The Federal Reserve’s critics see what they wish to see.

Illustrative photograph of John Rekenthaler, Vice President of Research for Morningstar.

Guilty!

Everybody blames the Federal Reserve. If inflation rises, the Fed must have set interest rates too low. If the economy slows, it pushed them too high. When equities rise, the Fed erred by creating a stock-market bubble. When they fall, it was because the bubble collapsed. If the dollar is strong, the Fed is hurting the nation’s exporters. If the dollar is weak, … well, you get the point.

(Last month, criticism of the Fed added a new twist, when a major cryptocurrency investor argued that the central bank was partially responsible for that sector’s bear market. In other words, currencies that were created to avoid the Fed’s mistakes lost money because the Fed made mistakes.)
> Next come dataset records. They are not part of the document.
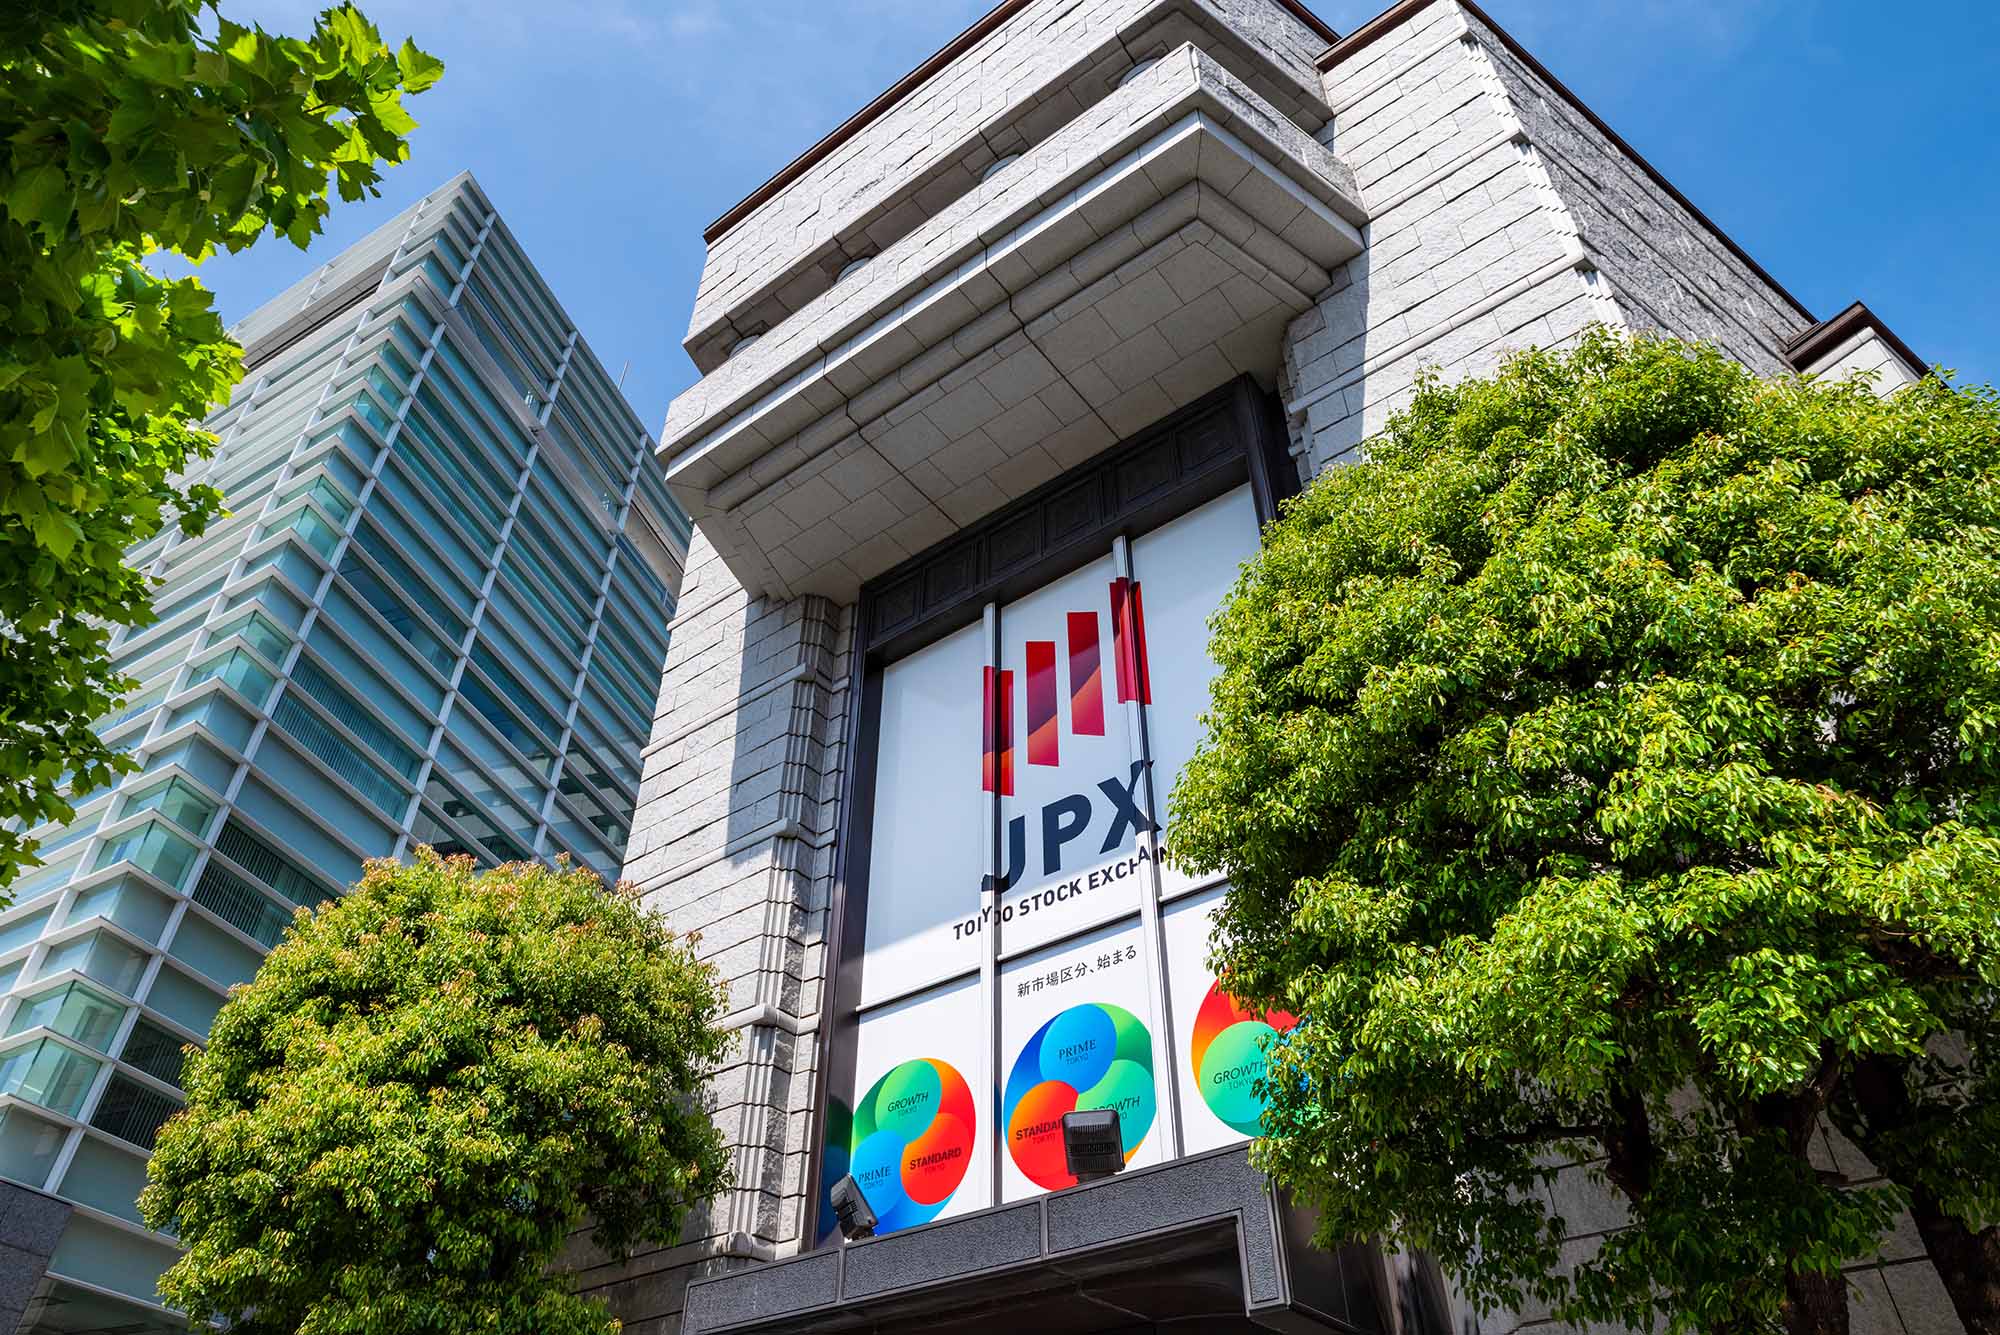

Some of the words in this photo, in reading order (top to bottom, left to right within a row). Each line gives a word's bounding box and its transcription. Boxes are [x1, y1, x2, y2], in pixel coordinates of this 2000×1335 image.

[981, 759, 1163, 894] JPX
[1019, 879, 1083, 916] STOCK
[1017, 945, 1137, 998] 新市場区分、始まる
[1059, 1039, 1097, 1060] PRIME
[1213, 1060, 1268, 1085] GROWTH
[887, 1091, 928, 1112] GROWTH
[909, 1147, 962, 1170] STANDARD
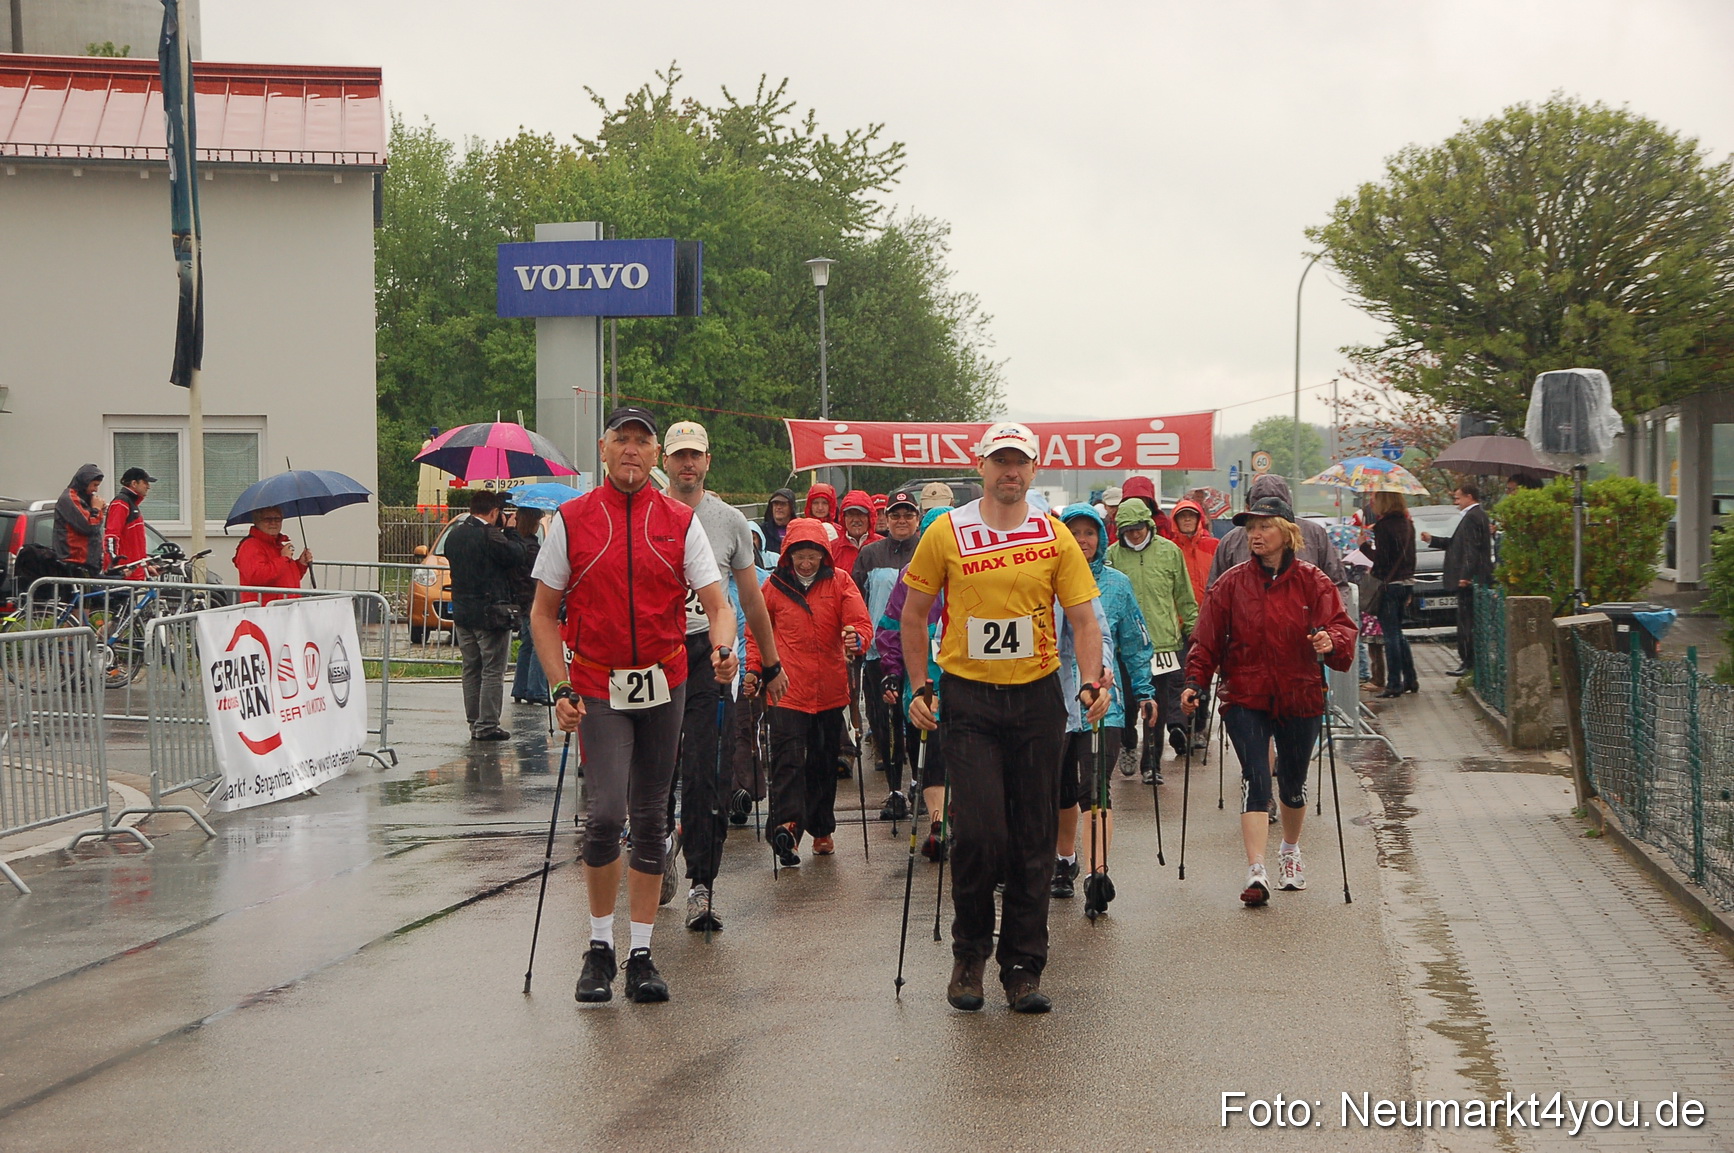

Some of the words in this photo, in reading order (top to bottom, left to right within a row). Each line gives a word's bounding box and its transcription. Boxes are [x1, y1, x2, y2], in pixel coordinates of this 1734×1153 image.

[513, 262, 650, 291] VOLVO
[1256, 457, 1268, 467] 60
[962, 556, 1008, 576] MAX
[1012, 546, 1059, 566] BÖGL
[982, 621, 1020, 655] 24
[1156, 651, 1173, 669] 40
[627, 669, 655, 704] 21
Such reactions are understandable. The Fed was born to be a villain, spawned by the controlling father of central government and the evil stepmother of usurious bankers. Its heritage gives both the political left and right something to dislike—and Main Street, as well. In addition, both underperforming portfolio managers and annoyed individual shareholders need a scapegoat. If the Fed did not already exist, they would need to invent it.
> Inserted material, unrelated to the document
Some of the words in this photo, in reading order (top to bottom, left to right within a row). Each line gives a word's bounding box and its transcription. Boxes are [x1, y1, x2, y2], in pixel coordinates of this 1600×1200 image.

At any rate, it is not as if investors have much choice. Winston Churchill famously stated that democracy was the worst form of government—except for all other forms. (He did not, however, invent that aphorism.) That seems a fair assessment of the Fed’s role. Yes, the organization sometimes makes decisions that harm the U.S. economy. However, as depicted by this chart of annual U.S. inflation rates, the economy was more troubled yet before the Fed existed.

The annual inflation rate in the United States, from 1871 through 2021. Also indicated is the date of the Federal Reserves's inception, in 2013.

Surely it has been better to be on the right of the dotted line (which signifies the Fed’s inception) than to be on the left. (The same also holds true for recessions, which were both more numerous and deeper prior to the Fed’s inception.)

Motivated Reasoning

These items you may have anticipated. It is no secret that many people despise banks and/or government officials. Nor is it surprising that investment professionals forced to explain their underperformance might seek someone else to blame. But there is a third, less commonly cited, reason the Fed is so frequently attacked: motivated reasoning.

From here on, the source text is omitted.